Im dritten Satz steckt nun m.E. in der Tat ein Dilemma:
Wenn er
wahr ist, dann gibt es zwischen dem uns zugänglichen Teil der Wirklichkeit und dem "Rest" (also sozusagen dem "Jenseits") keinerlei Wechselwirkungen. Wir hätten also gewissermaßen zwei "Welten", die ohne irgend einen kausalen Zusammenhang quasi "nebeneinander" existierten. Diese Schlussfolgerung ist problematisch, weil nicht einzusehen ist, warum die Grenzen unserer Erkenntnis (deren Existenz uns übrigens imho keine Disziplin so plausibel erklärt wir die Naturwissenschaft selbst
) gleichzeitig eine prinzipielle Grenze kausaler Zusammenhänge markieren sollte.
Ist der Satz hingegen
falsch, dann fehlt uns eine essentielle Grundlage für wissenschaftlichen Erkenntnisgewinn, weil wir nie sagen könnten, ob wir ein bestimmtes Phänomen einfach
noch nicht verstehen oder aber
prinzipiell nicht verstehen können. Die Frage "Warum ist das so?" ist nur sinnvoll zu stellen in der Annahme, dass sie prinzipiell beantwortbar ist; der Moment, in dem wir diese Idee aufgeben, wäre im Grunde das Ende jeden Fragens.
Das Problem des "weltanschaulichen" Naturalismus' besteht nun m.E. darin, dass man versucht, das beschriebene Dilemma durch eine Variation des 2. genannten Prinzips zu umgehen: In dieser Variante ist uns nicht mehr nur ein Teil , sondern die
ganze Wirklichkeit (zumindest "prinzipiell") zugänglich. Es gäbe demzufolge keine "zwei Welten" (den uns zugänglichen Teil und den Rest), sondern nur eine; wir hätten also das Problem der kausalen Abgrenzung eliminiert, allerdings wären damit Dinge, die uns prinzipiell nicht zugänglich sind, auch nicht Teil der "natürlichen" Welt und damit nicht existent.

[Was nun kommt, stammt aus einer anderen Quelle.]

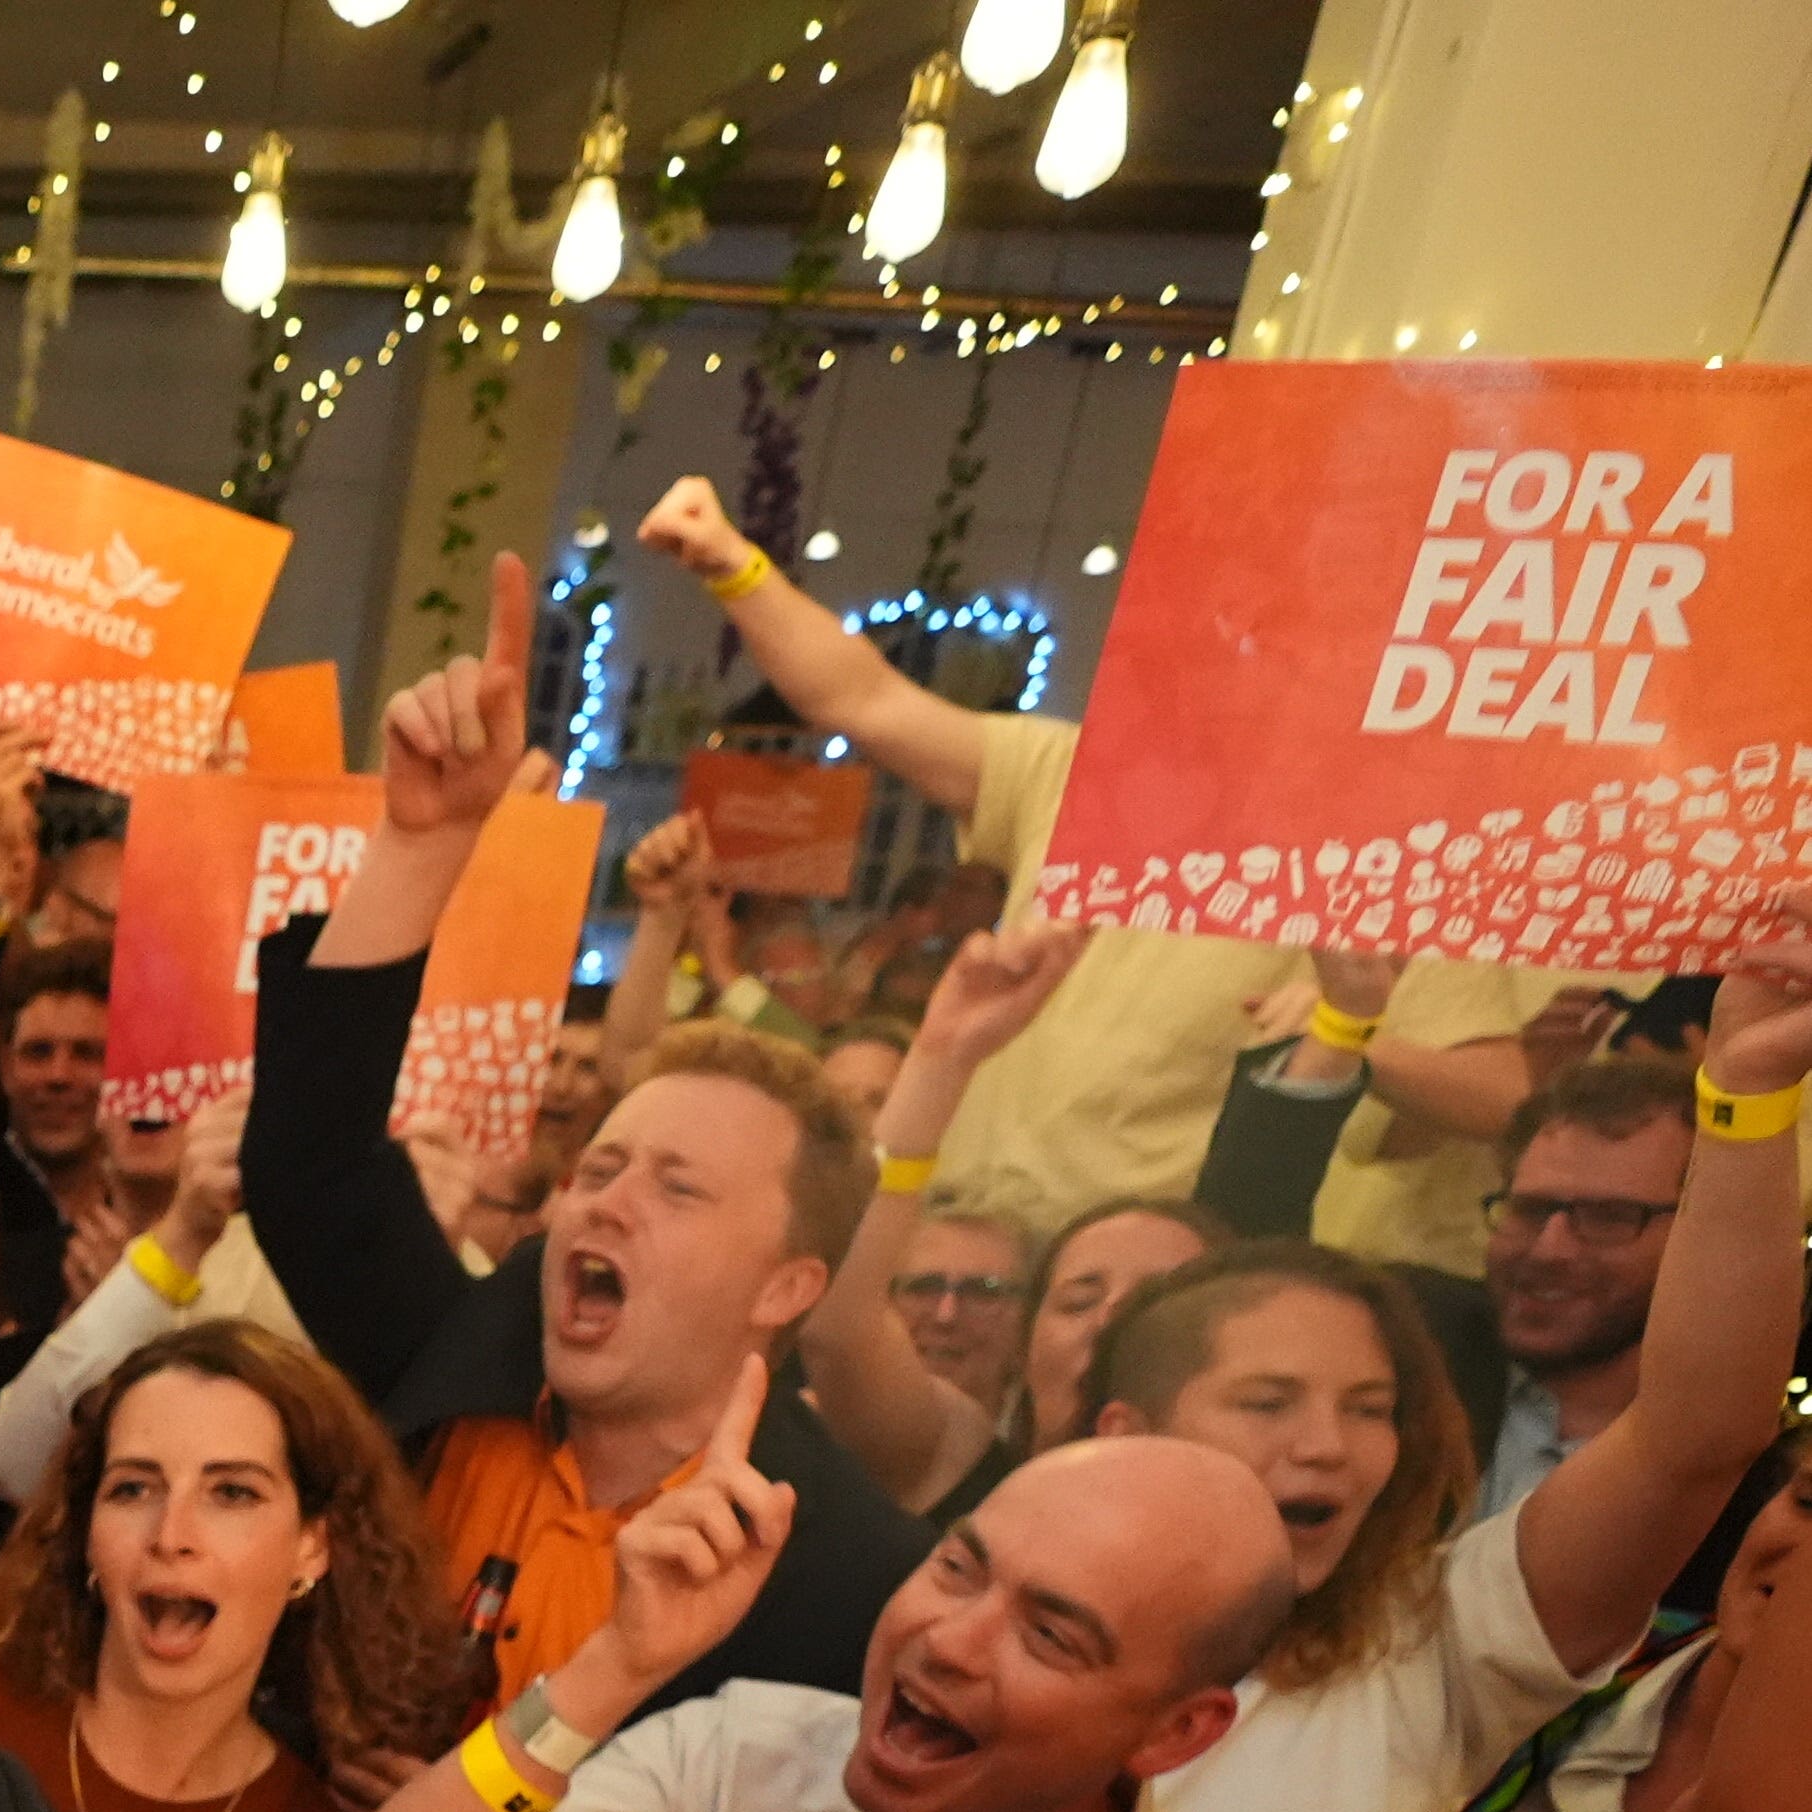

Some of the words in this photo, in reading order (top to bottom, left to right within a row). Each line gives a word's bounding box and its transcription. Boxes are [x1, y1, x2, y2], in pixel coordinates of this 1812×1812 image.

[1425, 449, 1644, 535] FOR
[1649, 453, 1734, 538] A
[1391, 537, 1706, 649] FAIR
[1360, 644, 1666, 745] DEAL
[258, 821, 367, 877] FOR
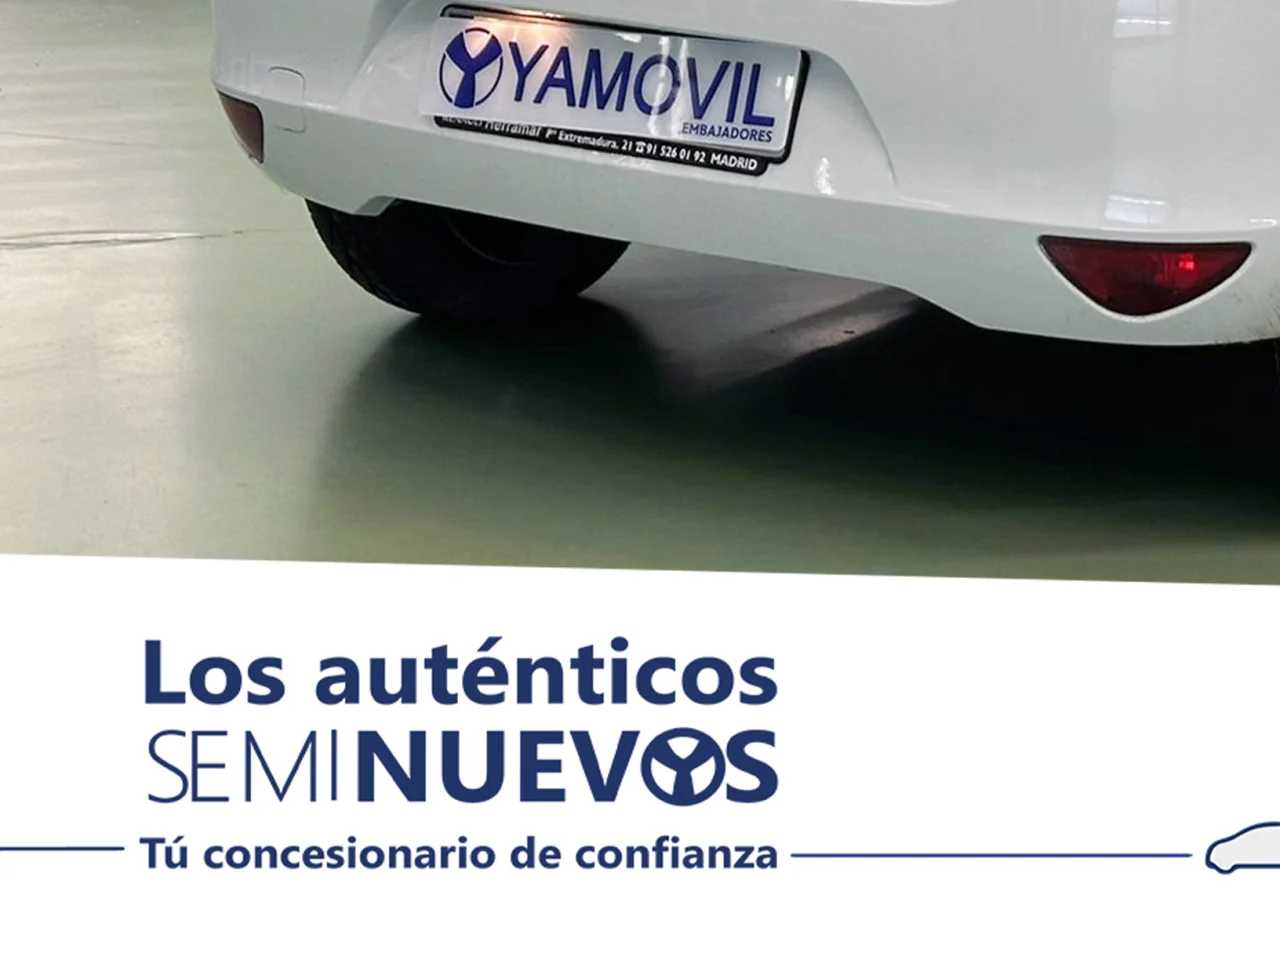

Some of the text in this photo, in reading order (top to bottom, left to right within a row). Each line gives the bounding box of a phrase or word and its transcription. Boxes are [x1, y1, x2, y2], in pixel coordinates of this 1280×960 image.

[508, 41, 776, 127] YAMOVIL
[682, 121, 774, 143] EMBAJADORES
[621, 139, 633, 152] 21
[660, 145, 678, 159] 526
[679, 148, 691, 161] 01
[693, 150, 706, 164] 92
[710, 152, 758, 171] MADRID

Ich perönlich bin mit Mustafa (und, soweit ich ihn verstanden habe, dem Autor des in Rede stehenden Blog-Beitrags) der Auffassung, dass die letztgenannte Lösung dem Problem nicht wirklich gerecht wird: Wir haben sehr gute Gründe anzunehmen, dass es eine prinzipelle Grenze menschlichen Erkenntnisvermögens gibt, die
nicht identisch mit der Grenze der Wirklichkeit "an sich" ist, so dass wir das geschilderte Dilemma nicht wirklich befriedigend dadurch lösen, indem wir so tun, als gäbe es diese Divergenz nicht.
Allerdings bin ich ebenfalls der Überzeugung, dass Religionen ihrerseits nicht den geringsten Beitrag leisten können, dieses Dilemma aufzulösen. In diesem Fall müsste man nämlich nicht nur das dritte Prinzip aufgeben, sondern noch eine Fülle zusätzlicher (und zunehmend fragwürdiger) "Dogmen" akzeptieren, um zu einer gemeinsamen Grundlage für die verbindliche Beantwortung offener Fragen zu kommen.
Für das Christentum wären das zumindest mal die folgenden "Glaubenssätze":
3. (abgeändert): Der Wirklichkeitsbereich, der jenseits menschlichen Erkenntnisvermögens liegt, ist mit dem uns zugänglichen Bereich (der "natürlichen Welt") kausal verwoben.
4. Der Ursprung von (in vorgenanntem Sinne "jenseitig") initiierten Kausalketten ist "Gott".
5. Gott verfolgt Ziele und Absichten; er hat eine Vorstellung, wie "die Welt" sein sollte. Diese Ziele und Absichten sind - zumindest partiell - für Menschen verständlich
6. Gott teilt uns seine Ziele und Absichten mit und bedient sich dabei des Mittels der "Offenbarung".
7. Diese Offenbarungen finden sich in der Bibel.
Das sind imho alles Glaubenssätze, die man sich unhinterfragt zu eigen machen muss,
bevor man bspw. den Gedanken begründen kann, die 10 Gebote oder das Konzept der Nächstenliebe wären "höheren Urspungs" und damit die absolut geltenden Wurzeln unserer diesseitigen Moral.
Mit der abgewandelten Variante von Satz 3 kann ich persönlich, wie gesagt, noch leben; ab Satz 5 wird es problematisch, und mit Satz 6 beginnt für mich definitiv der Aberglaube.
So müssen wir uns nach meiner Überzeugung wohl oder übel damit abfinden, dass wir zwar den Vorhang sehen, aber keine Ahnung von dem haben können, was sich dahinter verbirgt.
Das ist bisweilen wohl frustrierend.
Aber aus meiner Sicht zumindest die intellektuell redlichste Haltung.